**Dataset entries:**
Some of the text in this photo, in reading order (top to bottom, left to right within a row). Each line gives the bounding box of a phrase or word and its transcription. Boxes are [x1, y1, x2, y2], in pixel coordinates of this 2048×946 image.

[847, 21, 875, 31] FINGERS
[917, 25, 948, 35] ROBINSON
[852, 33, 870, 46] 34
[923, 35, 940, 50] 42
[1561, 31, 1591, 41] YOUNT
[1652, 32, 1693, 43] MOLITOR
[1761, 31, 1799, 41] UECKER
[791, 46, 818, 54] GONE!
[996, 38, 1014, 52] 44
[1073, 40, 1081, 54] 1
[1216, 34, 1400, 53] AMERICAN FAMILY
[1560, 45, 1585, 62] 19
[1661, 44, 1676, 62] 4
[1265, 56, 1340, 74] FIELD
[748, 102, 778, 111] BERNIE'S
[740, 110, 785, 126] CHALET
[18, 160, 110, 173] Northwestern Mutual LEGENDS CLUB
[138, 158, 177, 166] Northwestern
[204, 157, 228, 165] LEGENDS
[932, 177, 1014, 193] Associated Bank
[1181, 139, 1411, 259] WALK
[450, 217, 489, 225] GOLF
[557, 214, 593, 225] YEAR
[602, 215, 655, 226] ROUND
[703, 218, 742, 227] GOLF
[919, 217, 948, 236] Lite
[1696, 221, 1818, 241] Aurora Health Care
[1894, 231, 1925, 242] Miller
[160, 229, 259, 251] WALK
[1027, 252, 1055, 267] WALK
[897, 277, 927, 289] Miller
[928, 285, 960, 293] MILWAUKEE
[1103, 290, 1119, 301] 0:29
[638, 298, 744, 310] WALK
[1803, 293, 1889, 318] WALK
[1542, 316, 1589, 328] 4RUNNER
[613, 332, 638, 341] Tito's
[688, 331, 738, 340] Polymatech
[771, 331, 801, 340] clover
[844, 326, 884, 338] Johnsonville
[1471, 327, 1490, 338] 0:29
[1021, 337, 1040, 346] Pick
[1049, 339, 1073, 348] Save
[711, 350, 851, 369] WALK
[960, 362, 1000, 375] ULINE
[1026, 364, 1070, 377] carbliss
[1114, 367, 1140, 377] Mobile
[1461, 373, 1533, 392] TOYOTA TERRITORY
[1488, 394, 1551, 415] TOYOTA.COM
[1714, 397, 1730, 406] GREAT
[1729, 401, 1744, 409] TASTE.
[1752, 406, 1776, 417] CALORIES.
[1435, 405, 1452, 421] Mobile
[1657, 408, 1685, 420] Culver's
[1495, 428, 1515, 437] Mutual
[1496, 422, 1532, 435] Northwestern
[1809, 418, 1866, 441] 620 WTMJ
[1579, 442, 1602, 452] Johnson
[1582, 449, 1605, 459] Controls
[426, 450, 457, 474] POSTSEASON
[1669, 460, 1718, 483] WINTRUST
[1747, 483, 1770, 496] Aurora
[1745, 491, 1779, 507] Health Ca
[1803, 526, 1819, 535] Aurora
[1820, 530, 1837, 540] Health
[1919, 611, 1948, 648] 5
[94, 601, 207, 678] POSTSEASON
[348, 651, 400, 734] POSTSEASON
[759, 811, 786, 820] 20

**Work request:**
Give the material above back in full, exactly as written.

**Problem solution:**
Some of the text in this photo, in reading order (top to bottom, left to right within a row). Each line gives the bounding box of a phrase or word and its transcription. Boxes are [x1, y1, x2, y2], in pixel coordinates of this 2048×946 image.

[847, 21, 875, 31] FINGERS
[917, 25, 948, 35] ROBINSON
[852, 33, 870, 46] 34
[923, 35, 940, 50] 42
[1561, 31, 1591, 41] YOUNT
[1652, 32, 1693, 43] MOLITOR
[1761, 31, 1799, 41] UECKER
[791, 46, 818, 54] GONE!
[996, 38, 1014, 52] 44
[1073, 40, 1081, 54] 1
[1216, 34, 1400, 53] AMERICAN FAMILY
[1560, 45, 1585, 62] 19
[1661, 44, 1676, 62] 4
[1265, 56, 1340, 74] FIELD
[748, 102, 778, 111] BERNIE'S
[740, 110, 785, 126] CHALET
[18, 160, 110, 173] Northwestern Mutual LEGENDS CLUB
[138, 158, 177, 166] Northwestern
[204, 157, 228, 165] LEGENDS
[932, 177, 1014, 193] Associated Bank
[1181, 139, 1411, 259] WALK
[450, 217, 489, 225] GOLF
[557, 214, 593, 225] YEAR
[602, 215, 655, 226] ROUND
[703, 218, 742, 227] GOLF
[919, 217, 948, 236] Lite
[1696, 221, 1818, 241] Aurora Health Care
[1894, 231, 1925, 242] Miller
[160, 229, 259, 251] WALK
[1027, 252, 1055, 267] WALK
[897, 277, 927, 289] Miller
[928, 285, 960, 293] MILWAUKEE
[1103, 290, 1119, 301] 0:29
[638, 298, 744, 310] WALK
[1803, 293, 1889, 318] WALK
[1542, 316, 1589, 328] 4RUNNER
[613, 332, 638, 341] Tito's
[688, 331, 738, 340] Polymatech
[771, 331, 801, 340] clover
[844, 326, 884, 338] Johnsonville
[1471, 327, 1490, 338] 0:29
[1021, 337, 1040, 346] Pick
[1049, 339, 1073, 348] Save
[711, 350, 851, 369] WALK
[960, 362, 1000, 375] ULINE
[1026, 364, 1070, 377] carbliss
[1114, 367, 1140, 377] Mobile
[1461, 373, 1533, 392] TOYOTA TERRITORY
[1488, 394, 1551, 415] TOYOTA.COM
[1714, 397, 1730, 406] GREAT
[1729, 401, 1744, 409] TASTE.
[1752, 406, 1776, 417] CALORIES.
[1435, 405, 1452, 421] Mobile
[1657, 408, 1685, 420] Culver's
[1495, 428, 1515, 437] Mutual
[1496, 422, 1532, 435] Northwestern
[1809, 418, 1866, 441] 620 WTMJ
[1579, 442, 1602, 452] Johnson
[1582, 449, 1605, 459] Controls
[426, 450, 457, 474] POSTSEASON
[1669, 460, 1718, 483] WINTRUST
[1747, 483, 1770, 496] Aurora
[1745, 491, 1779, 507] Health Ca
[1803, 526, 1819, 535] Aurora
[1820, 530, 1837, 540] Health
[1919, 611, 1948, 648] 5
[94, 601, 207, 678] POSTSEASON
[348, 651, 400, 734] POSTSEASON
[759, 811, 786, 820] 20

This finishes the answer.